Consequently, we are led to an interpretation different than that adopted by the Court of Appeals. That Court’s opinion found sexual delinquency to be entirely self-contained in MCL 750.338; MSA 28.570, and thus simply a penalty enhancement provision related to the principal gross indecency charge.16 To the contrary, we find sexual delinquency to be an alternate sentencing provision tied to a larger statutory scheme. Further, we find the nature of the sexual delinquency hearing itself inconsistent with a simple penalty enhancement rationale. We also find the role of the fact finder highly discretionary in deciding the *420delinquency question. Finally, Vre note the risk of extreme punishment involved with a finding of sexual delinquency. All of these considerations require us to reject the approach taken by the Court of Appeals.
II
A close examination of the legislative history of sexual delinquency demonstrates a sound basis for an alternate sentencing interpretation. At the time the concept became part of Michigan law, related statutory provisions were enacted17 which clearly indicate sexual delinquency was conceived as possible mental illness precluding a fixed sentence. The concept of sexual delinquency was included in the then-existing mental health code18 and Department of Corrections Act,19 which specifically provided for treatment and early release upon satisfactory review by the parole board. The intended result entailed a more flexible and less determinate sentencing framework than set terms of imprisonment. This flexible form of incarceration was meant to entirely replace the more structured and limited sentence provided upon conviction of the principal charge.

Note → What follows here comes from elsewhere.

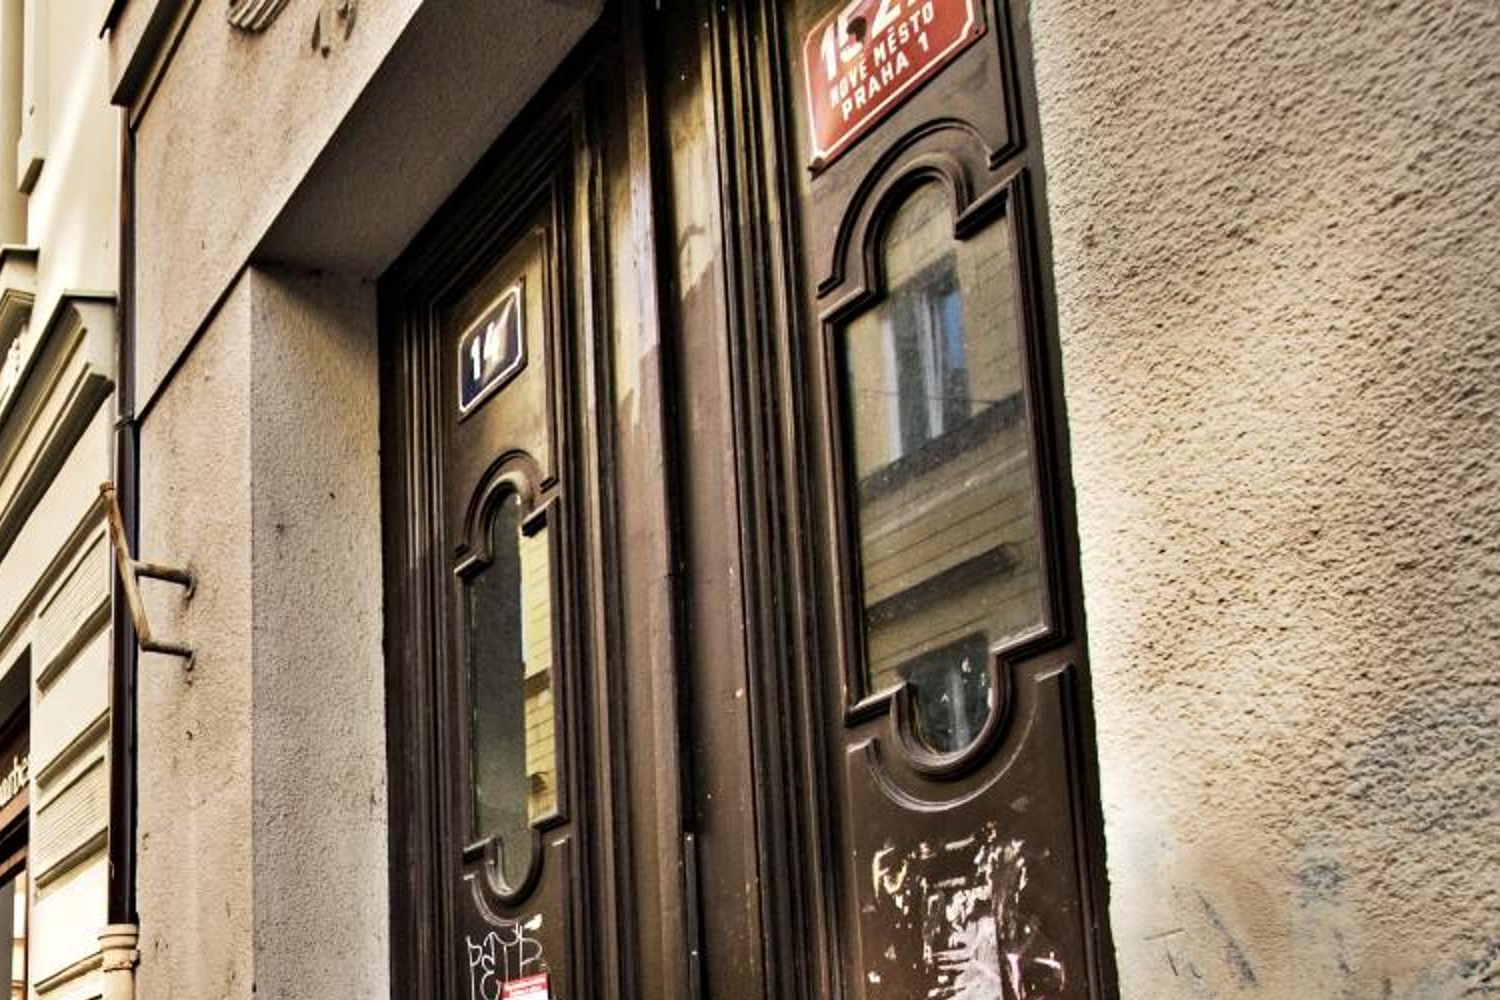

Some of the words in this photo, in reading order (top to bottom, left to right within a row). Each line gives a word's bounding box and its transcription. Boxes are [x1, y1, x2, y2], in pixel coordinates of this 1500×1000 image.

[830, 53, 868, 109] NOVÉ
[874, 1, 934, 67] MĚSTO
[841, 51, 910, 121] PRAHA
[918, 31, 929, 52] 1

Further, this alternate context for handling sexually delinquent persons was explicitly tied to other criminal provisions20 and, by analogy, even *421to legislation dealing with civil commitment.21 In sum, sexual delinquency was part of a much broader scheme of rehabilitation involving a sentence adjusted to defendant’s treatment and recovery from possible mental illness. Thus the sentence for being sexually delinquent was not primarily penal. Punishment within a specific limited period for the principal offense was reserved for those whose psychiatric histories, considered after conviction on the principal charge, reflected no serious tendency toward pathologically repetitive, compulsive, forceful or aggressive acts. So conceived, the sexually delinquent person concept was clearly intended to entail a more flexible, alternate form of sentencing.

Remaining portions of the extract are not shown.